■ Information
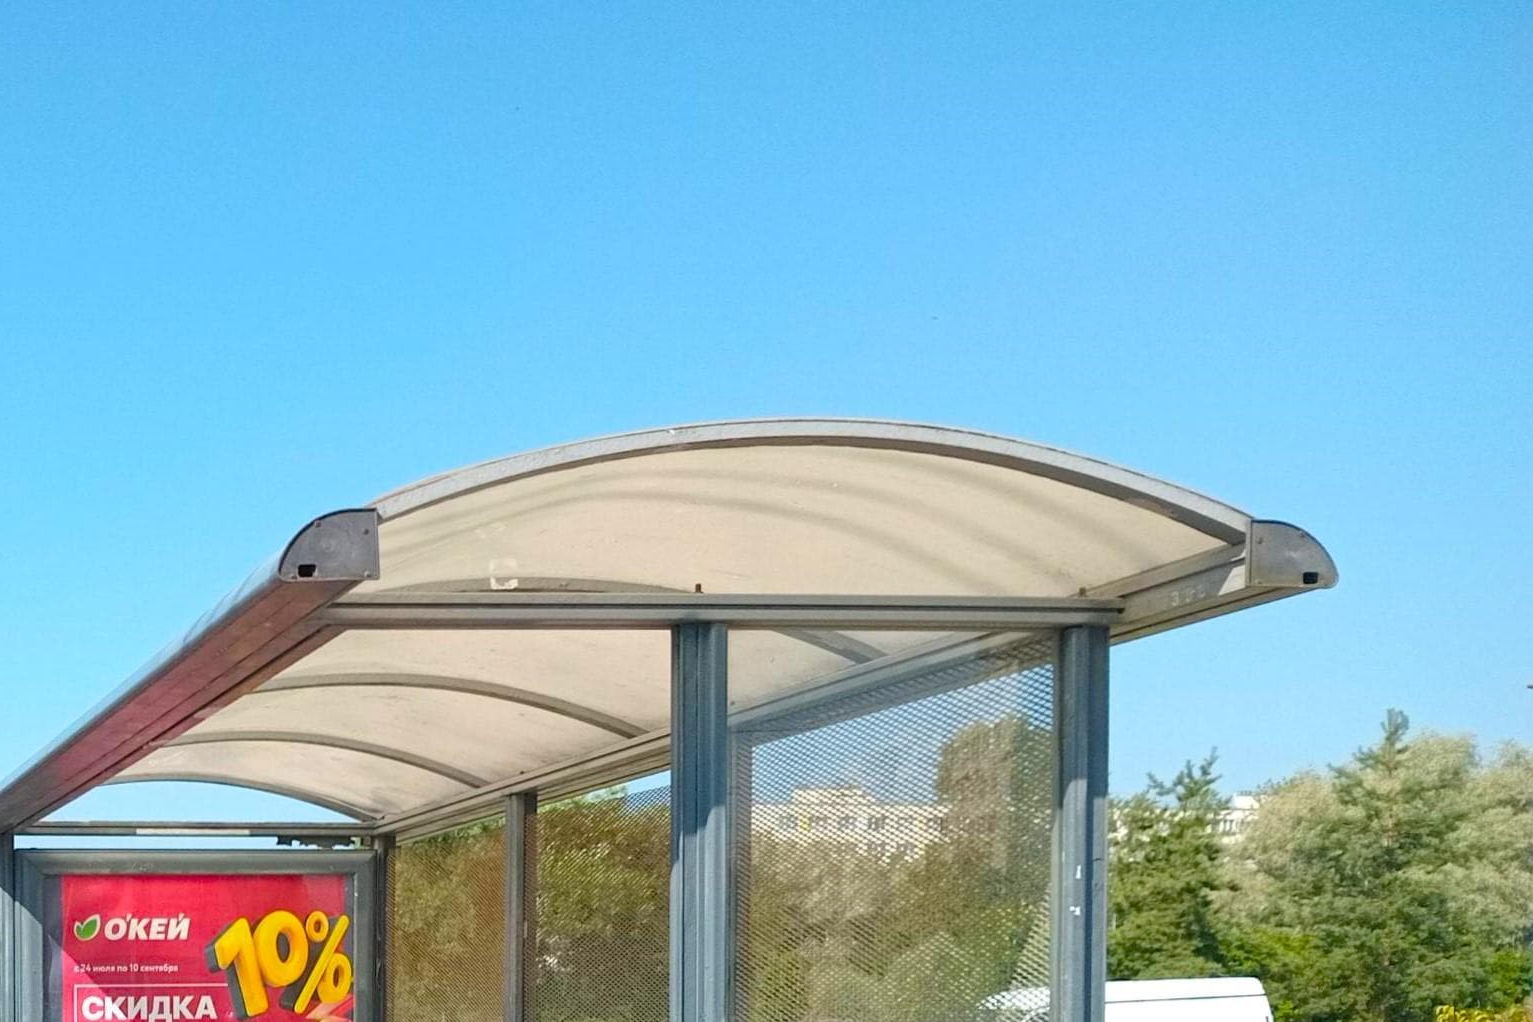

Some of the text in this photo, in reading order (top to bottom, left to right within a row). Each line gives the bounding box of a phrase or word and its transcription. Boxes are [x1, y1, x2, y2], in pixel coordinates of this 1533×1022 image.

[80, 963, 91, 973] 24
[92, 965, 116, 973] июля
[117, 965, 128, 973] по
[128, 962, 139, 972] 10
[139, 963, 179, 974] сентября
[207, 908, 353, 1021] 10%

■ Task brief
Go back to the records above and write them out exactly, without the pictures.

■ Answer below
Some of the text in this photo, in reading order (top to bottom, left to right within a row). Each line gives the bounding box of a phrase or word and its transcription. Boxes are [x1, y1, x2, y2], in pixel coordinates of this 1533×1022 image.

[80, 963, 91, 973] 24
[92, 965, 116, 973] июля
[117, 965, 128, 973] по
[128, 962, 139, 972] 10
[139, 963, 179, 974] сентября
[207, 908, 353, 1021] 10%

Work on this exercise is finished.